An exact copy of each line below is needed, with no images in it.

───── Data listing

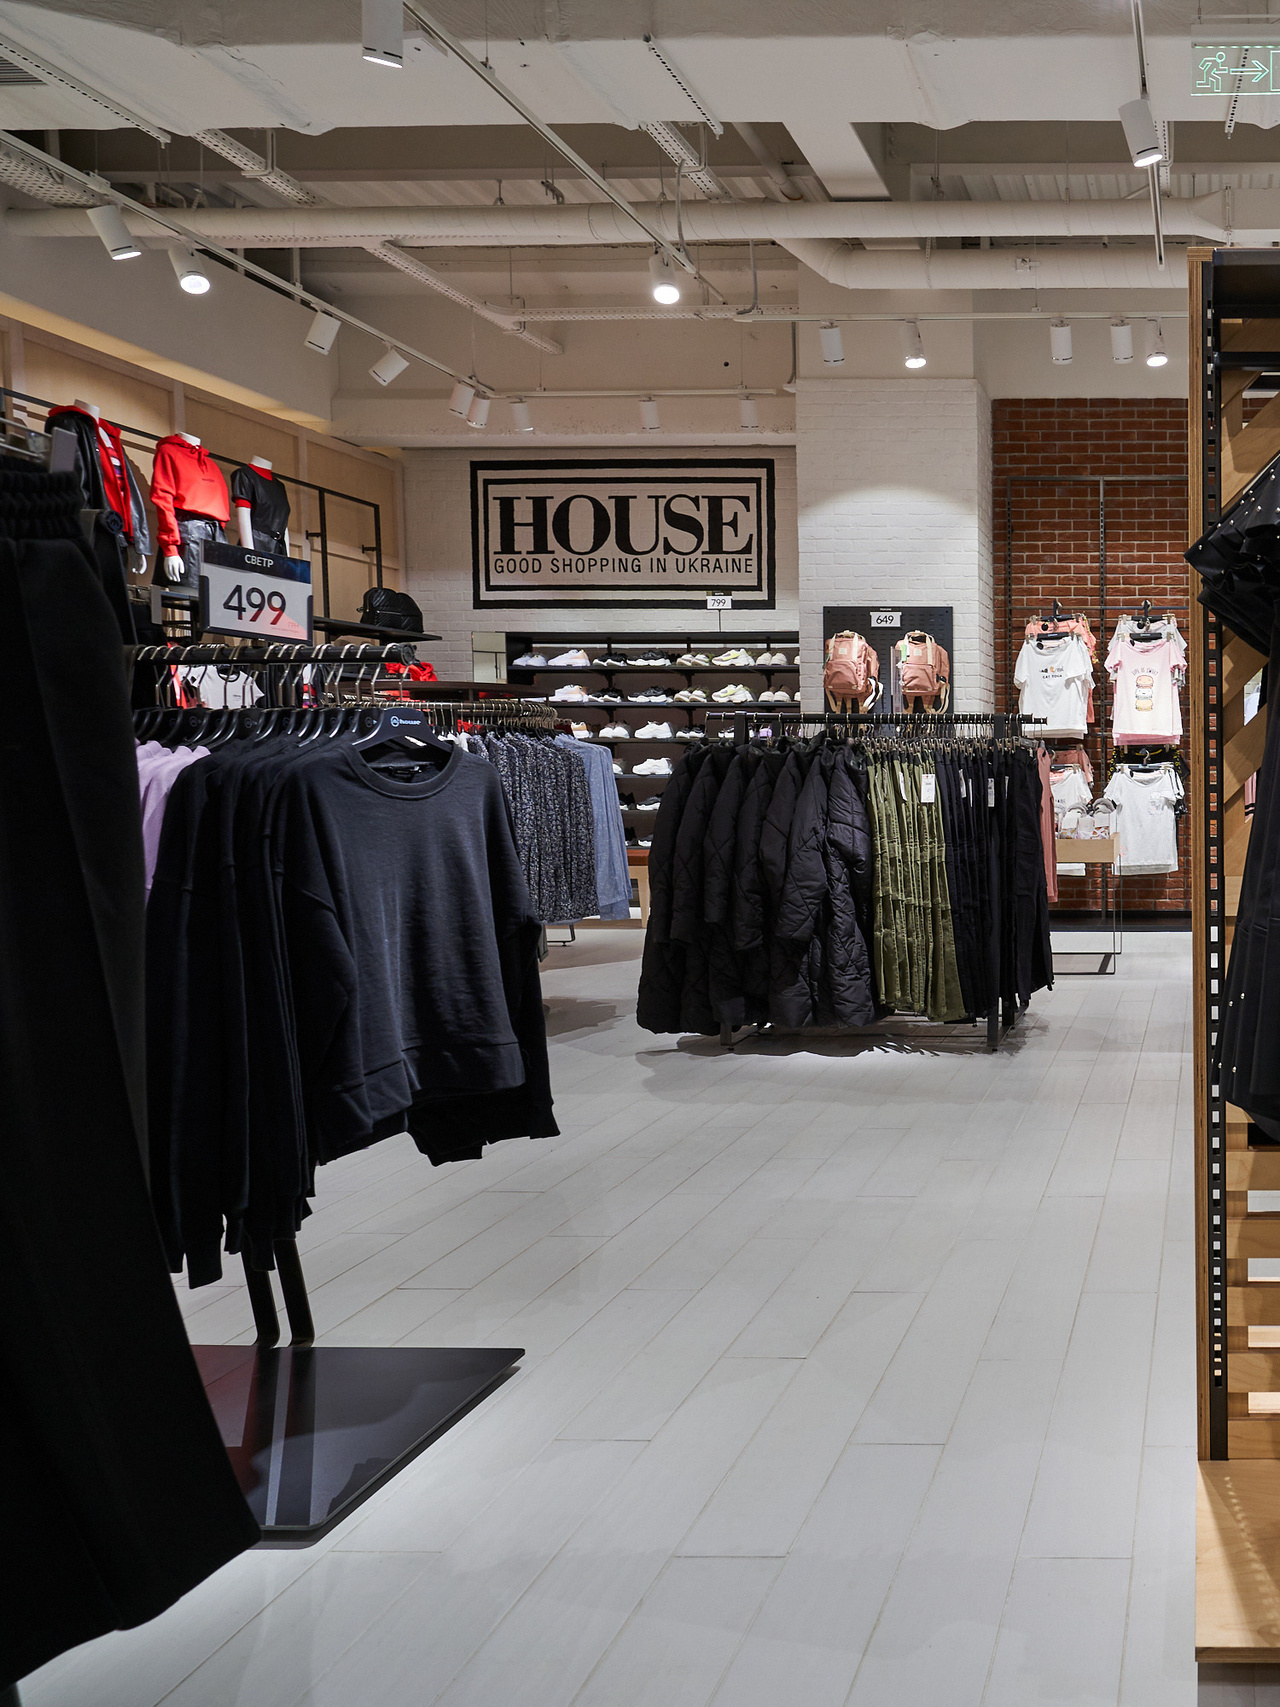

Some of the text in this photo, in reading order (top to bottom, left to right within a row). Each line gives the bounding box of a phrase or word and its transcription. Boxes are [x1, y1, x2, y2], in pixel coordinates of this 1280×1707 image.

[493, 493, 754, 556] HOUSE
[244, 554, 274, 568] СВЕТР
[494, 557, 753, 573] GOOD SHOPPING IN UKRAINE
[223, 584, 287, 626] 499
[711, 598, 727, 607] 799
[875, 615, 895, 625] 649
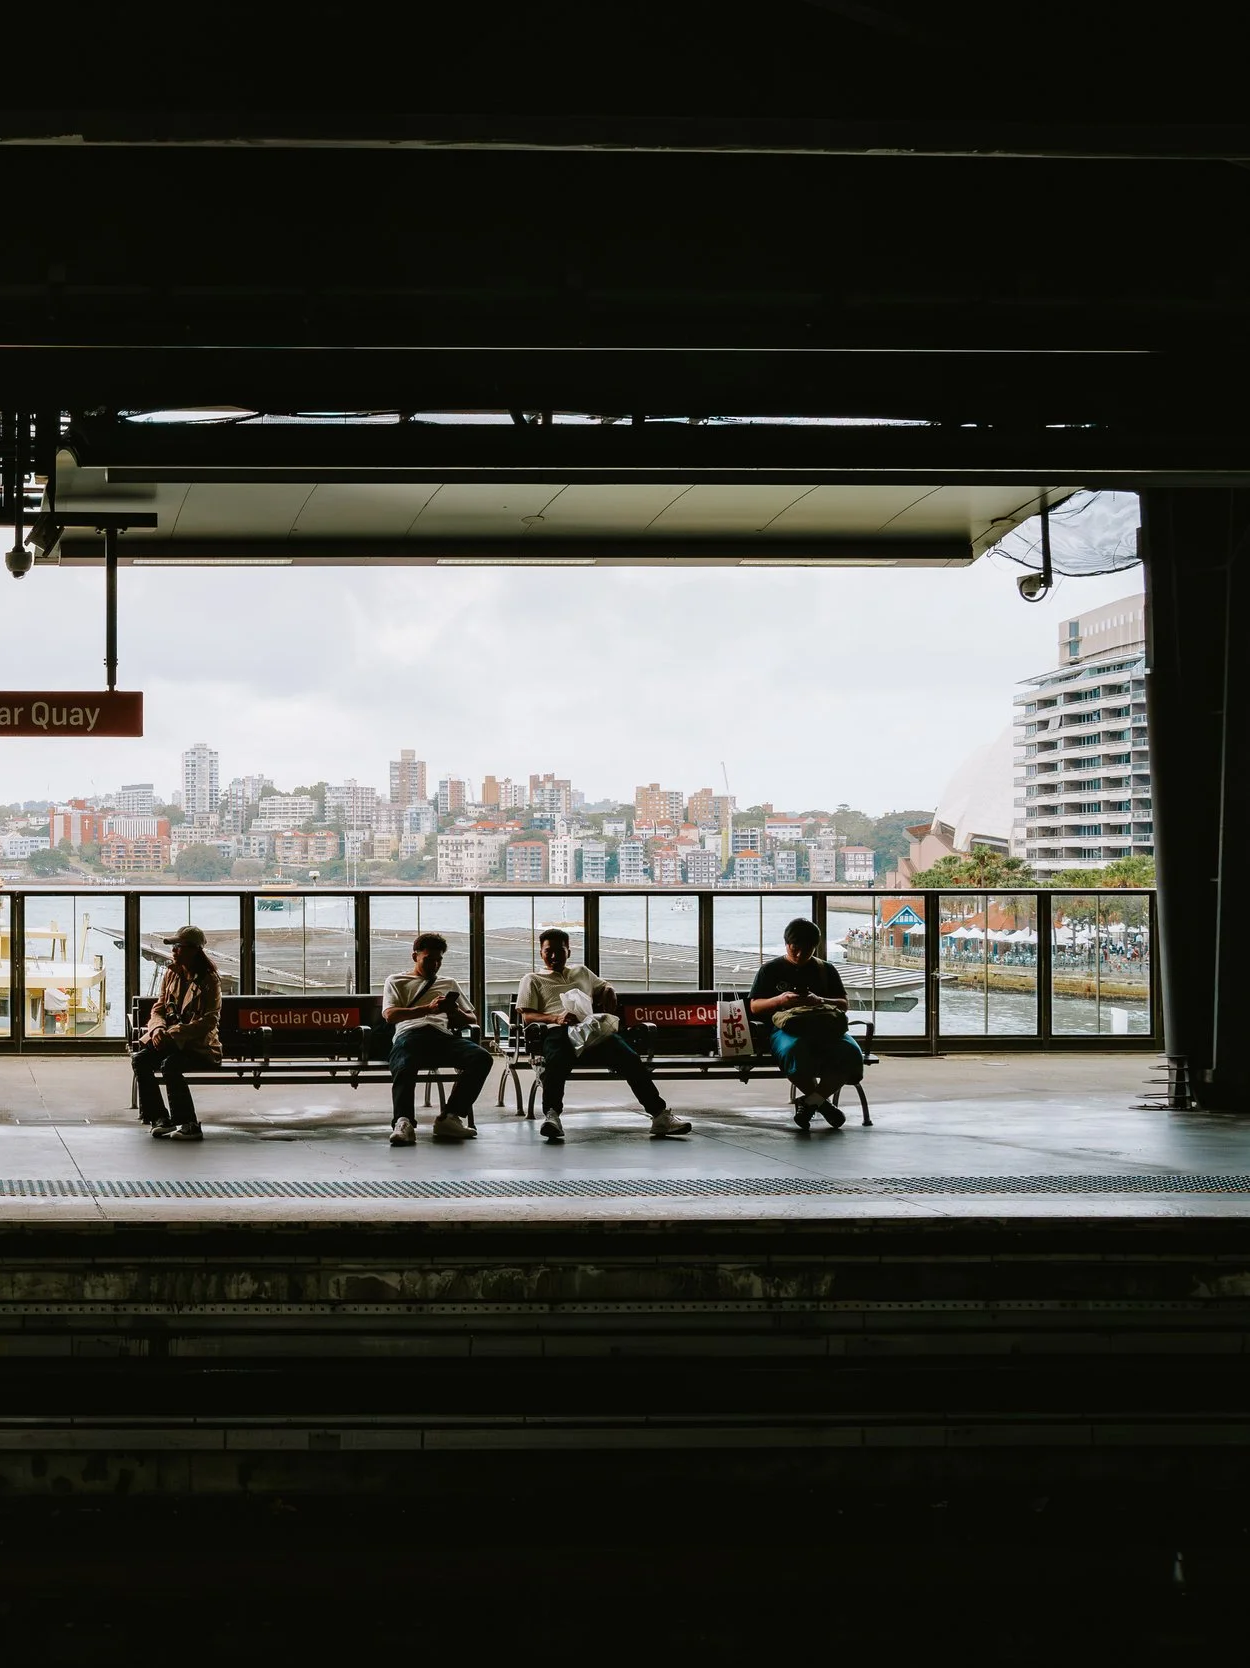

──────────

Worked solution>
Some of the text in this photo, in reading order (top to bottom, left to right within a row). Each line gives the bounding box of a phrase or word and its transcription. Boxes are [x1, y1, x2, y2], in pixel coordinates of this 1280×1707 image.

[493, 493, 754, 556] HOUSE
[244, 554, 274, 568] СВЕТР
[494, 557, 753, 573] GOOD SHOPPING IN UKRAINE
[223, 584, 287, 626] 499
[711, 598, 727, 607] 799
[875, 615, 895, 625] 649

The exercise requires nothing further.